### Task statement:
Transcribe every line of the records verbatim.

### Supplied material:
────────────────────────────────────────

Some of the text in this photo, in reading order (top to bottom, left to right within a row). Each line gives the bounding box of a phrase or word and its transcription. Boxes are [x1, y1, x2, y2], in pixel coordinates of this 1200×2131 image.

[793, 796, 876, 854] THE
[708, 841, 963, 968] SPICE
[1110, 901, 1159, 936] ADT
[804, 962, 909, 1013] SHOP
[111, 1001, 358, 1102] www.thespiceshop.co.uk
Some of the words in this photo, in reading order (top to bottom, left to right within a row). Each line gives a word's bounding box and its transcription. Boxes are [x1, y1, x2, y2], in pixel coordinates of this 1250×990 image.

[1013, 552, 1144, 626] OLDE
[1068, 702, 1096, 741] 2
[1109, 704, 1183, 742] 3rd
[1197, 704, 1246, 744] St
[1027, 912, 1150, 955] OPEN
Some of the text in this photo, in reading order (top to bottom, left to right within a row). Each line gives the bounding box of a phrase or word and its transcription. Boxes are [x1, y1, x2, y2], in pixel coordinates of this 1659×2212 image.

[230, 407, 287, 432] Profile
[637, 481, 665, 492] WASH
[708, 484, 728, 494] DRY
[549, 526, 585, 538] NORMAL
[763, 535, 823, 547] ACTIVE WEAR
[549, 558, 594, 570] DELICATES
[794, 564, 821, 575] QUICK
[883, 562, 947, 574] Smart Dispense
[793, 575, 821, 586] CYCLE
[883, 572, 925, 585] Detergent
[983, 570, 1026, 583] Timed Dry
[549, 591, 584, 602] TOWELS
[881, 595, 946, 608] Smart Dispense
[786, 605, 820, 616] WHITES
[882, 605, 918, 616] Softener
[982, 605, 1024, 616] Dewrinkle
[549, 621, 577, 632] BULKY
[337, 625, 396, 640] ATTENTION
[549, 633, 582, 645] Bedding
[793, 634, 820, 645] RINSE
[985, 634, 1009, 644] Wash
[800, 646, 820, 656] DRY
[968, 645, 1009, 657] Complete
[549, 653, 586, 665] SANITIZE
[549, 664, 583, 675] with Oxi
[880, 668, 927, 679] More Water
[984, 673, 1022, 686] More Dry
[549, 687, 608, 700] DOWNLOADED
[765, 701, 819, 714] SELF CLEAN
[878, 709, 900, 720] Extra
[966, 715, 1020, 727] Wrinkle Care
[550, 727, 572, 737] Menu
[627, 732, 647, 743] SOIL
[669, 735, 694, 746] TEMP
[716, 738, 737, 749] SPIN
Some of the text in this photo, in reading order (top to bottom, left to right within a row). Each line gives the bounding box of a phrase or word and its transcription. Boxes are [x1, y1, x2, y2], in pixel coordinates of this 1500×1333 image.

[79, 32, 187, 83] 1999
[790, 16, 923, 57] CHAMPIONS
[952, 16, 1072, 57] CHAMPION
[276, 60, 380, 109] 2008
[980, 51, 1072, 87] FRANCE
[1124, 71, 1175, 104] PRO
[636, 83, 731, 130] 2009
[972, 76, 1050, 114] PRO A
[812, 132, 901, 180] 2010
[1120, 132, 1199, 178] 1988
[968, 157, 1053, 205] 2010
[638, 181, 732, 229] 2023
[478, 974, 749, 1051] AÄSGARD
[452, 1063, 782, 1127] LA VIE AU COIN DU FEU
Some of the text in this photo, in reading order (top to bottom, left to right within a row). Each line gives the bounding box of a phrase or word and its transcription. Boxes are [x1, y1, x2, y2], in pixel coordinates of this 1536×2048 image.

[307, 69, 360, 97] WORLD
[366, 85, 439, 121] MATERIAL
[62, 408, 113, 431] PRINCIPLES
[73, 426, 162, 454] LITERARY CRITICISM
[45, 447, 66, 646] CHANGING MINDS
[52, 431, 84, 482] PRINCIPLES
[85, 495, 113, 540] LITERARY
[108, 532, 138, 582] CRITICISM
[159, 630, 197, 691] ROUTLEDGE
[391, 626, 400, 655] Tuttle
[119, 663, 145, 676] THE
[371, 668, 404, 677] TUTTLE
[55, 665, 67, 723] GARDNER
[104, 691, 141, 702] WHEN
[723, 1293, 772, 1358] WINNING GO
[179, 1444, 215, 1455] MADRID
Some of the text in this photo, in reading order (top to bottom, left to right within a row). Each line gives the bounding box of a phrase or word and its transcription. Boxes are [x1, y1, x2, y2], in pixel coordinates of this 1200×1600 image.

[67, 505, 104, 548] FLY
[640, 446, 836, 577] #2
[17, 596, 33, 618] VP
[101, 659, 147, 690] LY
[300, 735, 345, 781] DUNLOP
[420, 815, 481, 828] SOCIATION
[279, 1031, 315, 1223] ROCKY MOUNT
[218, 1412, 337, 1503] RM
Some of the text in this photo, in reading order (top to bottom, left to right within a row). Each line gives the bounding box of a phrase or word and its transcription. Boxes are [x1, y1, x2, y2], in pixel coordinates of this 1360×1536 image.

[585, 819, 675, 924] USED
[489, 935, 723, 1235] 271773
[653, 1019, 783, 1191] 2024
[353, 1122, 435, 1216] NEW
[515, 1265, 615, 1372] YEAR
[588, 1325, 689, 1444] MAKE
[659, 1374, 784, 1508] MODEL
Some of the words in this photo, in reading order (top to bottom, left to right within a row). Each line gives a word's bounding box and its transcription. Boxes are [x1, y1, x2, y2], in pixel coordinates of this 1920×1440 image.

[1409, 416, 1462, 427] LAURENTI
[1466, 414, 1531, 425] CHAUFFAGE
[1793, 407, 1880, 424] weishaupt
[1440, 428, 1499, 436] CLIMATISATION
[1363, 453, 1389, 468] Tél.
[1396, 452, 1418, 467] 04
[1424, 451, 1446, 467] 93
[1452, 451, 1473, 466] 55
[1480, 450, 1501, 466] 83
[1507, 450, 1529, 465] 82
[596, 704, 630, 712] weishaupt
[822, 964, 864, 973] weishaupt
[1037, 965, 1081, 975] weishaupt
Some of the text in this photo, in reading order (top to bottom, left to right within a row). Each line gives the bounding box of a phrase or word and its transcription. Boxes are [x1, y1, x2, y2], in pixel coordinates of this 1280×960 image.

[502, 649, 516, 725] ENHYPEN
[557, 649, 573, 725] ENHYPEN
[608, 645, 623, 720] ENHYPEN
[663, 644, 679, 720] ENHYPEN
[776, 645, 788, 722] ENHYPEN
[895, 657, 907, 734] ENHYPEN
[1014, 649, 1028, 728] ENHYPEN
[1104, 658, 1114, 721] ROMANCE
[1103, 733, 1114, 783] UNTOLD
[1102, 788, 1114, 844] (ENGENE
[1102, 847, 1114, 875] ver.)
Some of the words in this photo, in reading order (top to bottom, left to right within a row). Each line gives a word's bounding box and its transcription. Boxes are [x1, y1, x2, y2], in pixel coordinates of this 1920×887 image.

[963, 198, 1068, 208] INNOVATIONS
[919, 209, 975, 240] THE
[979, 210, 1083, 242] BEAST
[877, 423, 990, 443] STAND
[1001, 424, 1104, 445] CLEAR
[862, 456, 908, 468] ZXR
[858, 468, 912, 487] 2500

────────────────────────────────────────

### Result of the exercise:
Some of the text in this photo, in reading order (top to bottom, left to right within a row). Each line gives the bounding box of a phrase or word and its transcription. Boxes are [x1, y1, x2, y2], in pixel coordinates of this 1200×2131 image.

[793, 796, 876, 854] THE
[708, 841, 963, 968] SPICE
[1110, 901, 1159, 936] ADT
[804, 962, 909, 1013] SHOP
[111, 1001, 358, 1102] www.thespiceshop.co.uk
Some of the words in this photo, in reading order (top to bottom, left to right within a row). Each line gives a word's bounding box and its transcription. Boxes are [x1, y1, x2, y2], in pixel coordinates of this 1250×990 image.

[1013, 552, 1144, 626] OLDE
[1068, 702, 1096, 741] 2
[1109, 704, 1183, 742] 3rd
[1197, 704, 1246, 744] St
[1027, 912, 1150, 955] OPEN
Some of the text in this photo, in reading order (top to bottom, left to right within a row). Each line gives the bounding box of a phrase or word and its transcription. Boxes are [x1, y1, x2, y2], in pixel coordinates of this 1659×2212 image.

[230, 407, 287, 432] Profile
[637, 481, 665, 492] WASH
[708, 484, 728, 494] DRY
[549, 526, 585, 538] NORMAL
[763, 535, 823, 547] ACTIVE WEAR
[549, 558, 594, 570] DELICATES
[794, 564, 821, 575] QUICK
[883, 562, 947, 574] Smart Dispense
[793, 575, 821, 586] CYCLE
[883, 572, 925, 585] Detergent
[983, 570, 1026, 583] Timed Dry
[549, 591, 584, 602] TOWELS
[881, 595, 946, 608] Smart Dispense
[786, 605, 820, 616] WHITES
[882, 605, 918, 616] Softener
[982, 605, 1024, 616] Dewrinkle
[549, 621, 577, 632] BULKY
[337, 625, 396, 640] ATTENTION
[549, 633, 582, 645] Bedding
[793, 634, 820, 645] RINSE
[985, 634, 1009, 644] Wash
[800, 646, 820, 656] DRY
[968, 645, 1009, 657] Complete
[549, 653, 586, 665] SANITIZE
[549, 664, 583, 675] with Oxi
[880, 668, 927, 679] More Water
[984, 673, 1022, 686] More Dry
[549, 687, 608, 700] DOWNLOADED
[765, 701, 819, 714] SELF CLEAN
[878, 709, 900, 720] Extra
[966, 715, 1020, 727] Wrinkle Care
[550, 727, 572, 737] Menu
[627, 732, 647, 743] SOIL
[669, 735, 694, 746] TEMP
[716, 738, 737, 749] SPIN
Some of the text in this photo, in reading order (top to bottom, left to right within a row). Each line gives the bounding box of a phrase or word and its transcription. Boxes are [x1, y1, x2, y2], in pixel coordinates of this 1500×1333 image.

[79, 32, 187, 83] 1999
[790, 16, 923, 57] CHAMPIONS
[952, 16, 1072, 57] CHAMPION
[276, 60, 380, 109] 2008
[980, 51, 1072, 87] FRANCE
[1124, 71, 1175, 104] PRO
[636, 83, 731, 130] 2009
[972, 76, 1050, 114] PRO A
[812, 132, 901, 180] 2010
[1120, 132, 1199, 178] 1988
[968, 157, 1053, 205] 2010
[638, 181, 732, 229] 2023
[478, 974, 749, 1051] AÄSGARD
[452, 1063, 782, 1127] LA VIE AU COIN DU FEU
Some of the text in this photo, in reading order (top to bottom, left to right within a row). Each line gives the bounding box of a phrase or word and its transcription. Boxes are [x1, y1, x2, y2], in pixel coordinates of this 1536×2048 image.

[307, 69, 360, 97] WORLD
[366, 85, 439, 121] MATERIAL
[62, 408, 113, 431] PRINCIPLES
[73, 426, 162, 454] LITERARY CRITICISM
[45, 447, 66, 646] CHANGING MINDS
[52, 431, 84, 482] PRINCIPLES
[85, 495, 113, 540] LITERARY
[108, 532, 138, 582] CRITICISM
[159, 630, 197, 691] ROUTLEDGE
[391, 626, 400, 655] Tuttle
[119, 663, 145, 676] THE
[371, 668, 404, 677] TUTTLE
[55, 665, 67, 723] GARDNER
[104, 691, 141, 702] WHEN
[723, 1293, 772, 1358] WINNING GO
[179, 1444, 215, 1455] MADRID
Some of the text in this photo, in reading order (top to bottom, left to right within a row). Each line gives the bounding box of a phrase or word and its transcription. Boxes are [x1, y1, x2, y2], in pixel coordinates of this 1200×1600 image.

[67, 505, 104, 548] FLY
[640, 446, 836, 577] #2
[17, 596, 33, 618] VP
[101, 659, 147, 690] LY
[300, 735, 345, 781] DUNLOP
[420, 815, 481, 828] SOCIATION
[279, 1031, 315, 1223] ROCKY MOUNT
[218, 1412, 337, 1503] RM
Some of the text in this photo, in reading order (top to bottom, left to right within a row). Each line gives the bounding box of a phrase or word and its transcription. Boxes are [x1, y1, x2, y2], in pixel coordinates of this 1360×1536 image.

[585, 819, 675, 924] USED
[489, 935, 723, 1235] 271773
[653, 1019, 783, 1191] 2024
[353, 1122, 435, 1216] NEW
[515, 1265, 615, 1372] YEAR
[588, 1325, 689, 1444] MAKE
[659, 1374, 784, 1508] MODEL
Some of the words in this photo, in reading order (top to bottom, left to right within a row). Each line gives a word's bounding box and its transcription. Boxes are [x1, y1, x2, y2], in pixel coordinates of this 1920×1440 image.

[1409, 416, 1462, 427] LAURENTI
[1466, 414, 1531, 425] CHAUFFAGE
[1793, 407, 1880, 424] weishaupt
[1440, 428, 1499, 436] CLIMATISATION
[1363, 453, 1389, 468] Tél.
[1396, 452, 1418, 467] 04
[1424, 451, 1446, 467] 93
[1452, 451, 1473, 466] 55
[1480, 450, 1501, 466] 83
[1507, 450, 1529, 465] 82
[596, 704, 630, 712] weishaupt
[822, 964, 864, 973] weishaupt
[1037, 965, 1081, 975] weishaupt
Some of the text in this photo, in reading order (top to bottom, left to right within a row). Each line gives the bounding box of a phrase or word and its transcription. Boxes are [x1, y1, x2, y2], in pixel coordinates of this 1280×960 image.

[502, 649, 516, 725] ENHYPEN
[557, 649, 573, 725] ENHYPEN
[608, 645, 623, 720] ENHYPEN
[663, 644, 679, 720] ENHYPEN
[776, 645, 788, 722] ENHYPEN
[895, 657, 907, 734] ENHYPEN
[1014, 649, 1028, 728] ENHYPEN
[1104, 658, 1114, 721] ROMANCE
[1103, 733, 1114, 783] UNTOLD
[1102, 788, 1114, 844] (ENGENE
[1102, 847, 1114, 875] ver.)
Some of the words in this photo, in reading order (top to bottom, left to right within a row). Each line gives a word's bounding box and its transcription. Boxes are [x1, y1, x2, y2], in pixel coordinates of this 1920×887 image.

[963, 198, 1068, 208] INNOVATIONS
[919, 209, 975, 240] THE
[979, 210, 1083, 242] BEAST
[877, 423, 990, 443] STAND
[1001, 424, 1104, 445] CLEAR
[862, 456, 908, 468] ZXR
[858, 468, 912, 487] 2500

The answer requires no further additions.